According to the Case Management Order in Case 35, Mr. Ullrich is required to file a “Request for Authorization for Filing” of no more than three pages that must state all of the following: the federal legal basis for the cause of action Plaintiff desires to bring, the defendants Plaintiff desires to sue, the facts supporting the cause of action, and the reason why it meets the “imminent danger of serious physical injury” requirement of 28 U.S.C.§ 1915(g). When the federal court receives a request from Mr. Ullrich, the Clerk of Court will conditionally file it, and Mr. Ullrich is not authorized to make any further filings unless the Court authorizes him to do so. See Dkt. 2 in Case 35.

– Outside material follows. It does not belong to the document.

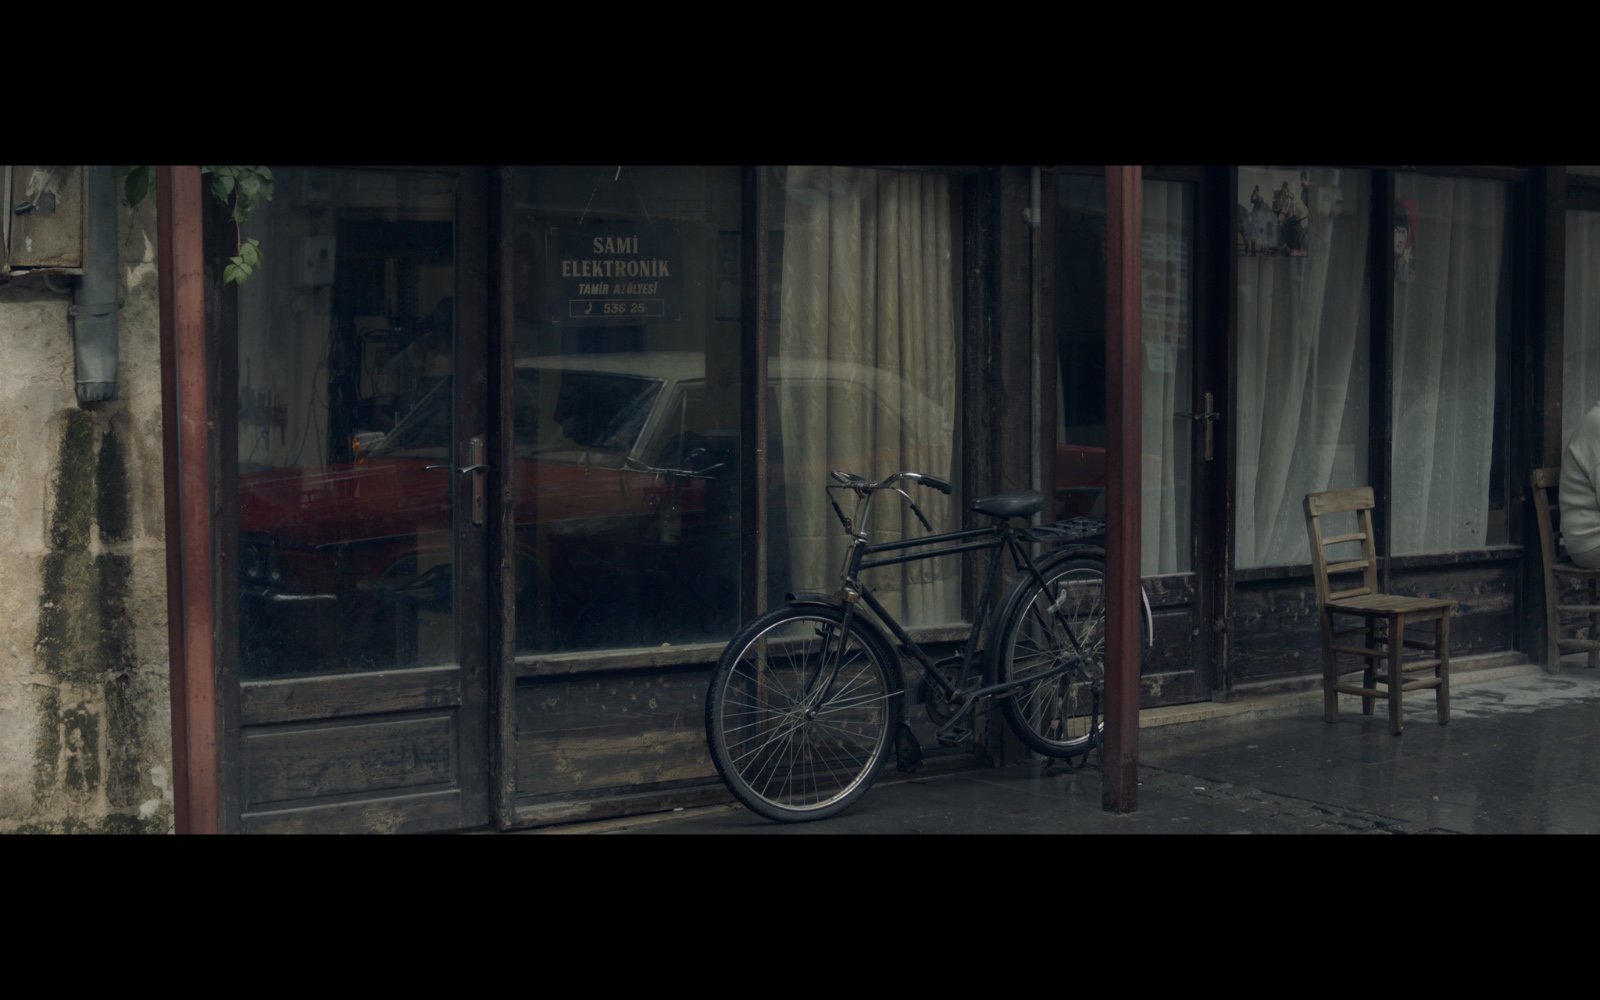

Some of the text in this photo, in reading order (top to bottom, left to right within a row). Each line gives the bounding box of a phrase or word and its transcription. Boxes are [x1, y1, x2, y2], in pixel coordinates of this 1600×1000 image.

[593, 235, 639, 254] SAMİ
[562, 258, 670, 277] ELEKTRONİK
[578, 281, 658, 295] TAMİR ATÖLYESİ
[603, 302, 645, 314] 536 25

Mr. Ullrich's claims will be dismissed. His attempt to use other prisoners to bypass his Litigation Case Management Order is improper. In addition, none of the prison affidavits submitted states a cognizable access to courts claim; each is too vague to be actionable, and therefore together they cannot form the basis of a class action lawsuit.

3. Claims of George Crider

Plaintiff George Crider states in his Affidavit: “I have needed access to courts for years, but there is no way I can get into Court because I am mentally ill and there is no one to help me, and this is wrong to happen.” There is no inkling of what type of claims Mr. Crider has or when or how he attempted to bring them. Mr. Crider has not stated whether he previously filed grievances to notify prison officials that he was unable to file a court action so that they could remedy any deficiency in the prison legal resource system. Mr. Crider may obtain a form complaint and an in forma pauperis application from the prison legal resource center. Mr. Crider must state specific facts showing the claims he desired to but could not bring, including the “who, what, when, where, why, and how” of each claim. If Mr. Crider needs the help of a scribe, he may ask the prison legal resource center to provide him with that service. Mr. Crider will be permitted to take advantage of the earlier filing date of this action if the claims he brings in any new complaint relate back to those in this Complaint.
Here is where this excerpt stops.